### Given entries:

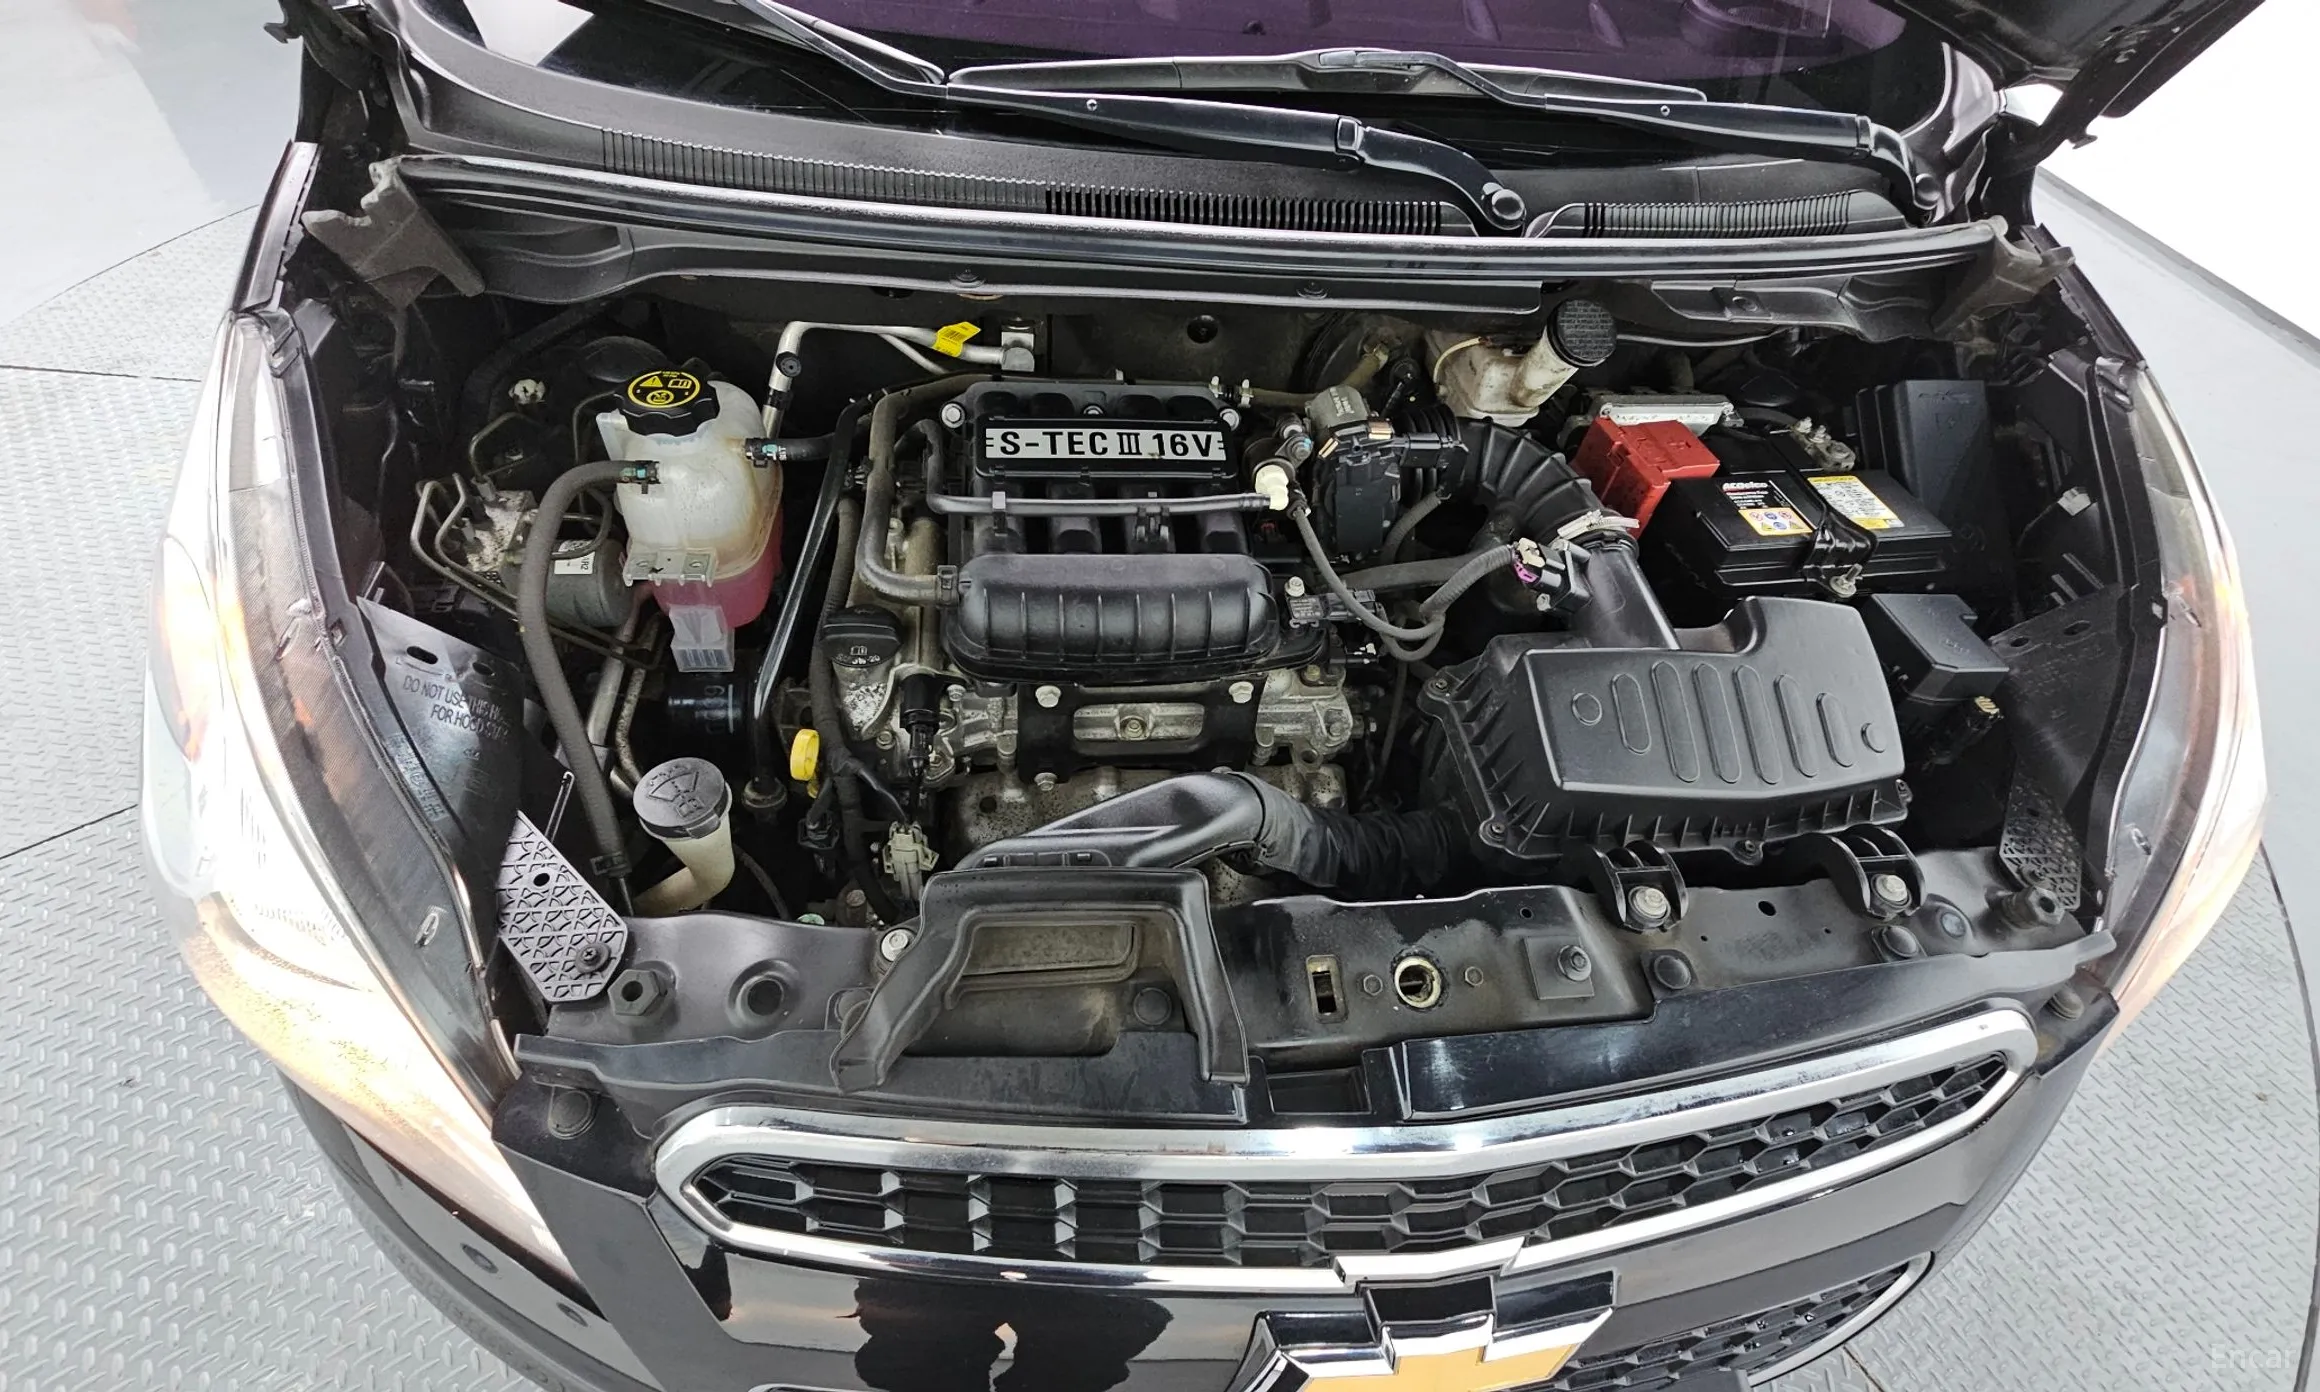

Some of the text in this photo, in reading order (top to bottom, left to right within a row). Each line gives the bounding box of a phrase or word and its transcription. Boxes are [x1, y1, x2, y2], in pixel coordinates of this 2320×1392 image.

[1000, 430, 1109, 456] S-TEC
[1153, 433, 1213, 458] 16V
[403, 675, 420, 693] DO
[421, 683, 445, 701] NOT
[445, 689, 466, 709] USE
[430, 704, 453, 723] FOR

### Work instruction:
Copy out the listing exactly as it stands, but not the pictures.

### Task solution:
Some of the text in this photo, in reading order (top to bottom, left to right within a row). Each line gives the bounding box of a phrase or word and its transcription. Boxes are [x1, y1, x2, y2], in pixel coordinates of this 2320×1392 image.

[1000, 430, 1109, 456] S-TEC
[1153, 433, 1213, 458] 16V
[403, 675, 420, 693] DO
[421, 683, 445, 701] NOT
[445, 689, 466, 709] USE
[430, 704, 453, 723] FOR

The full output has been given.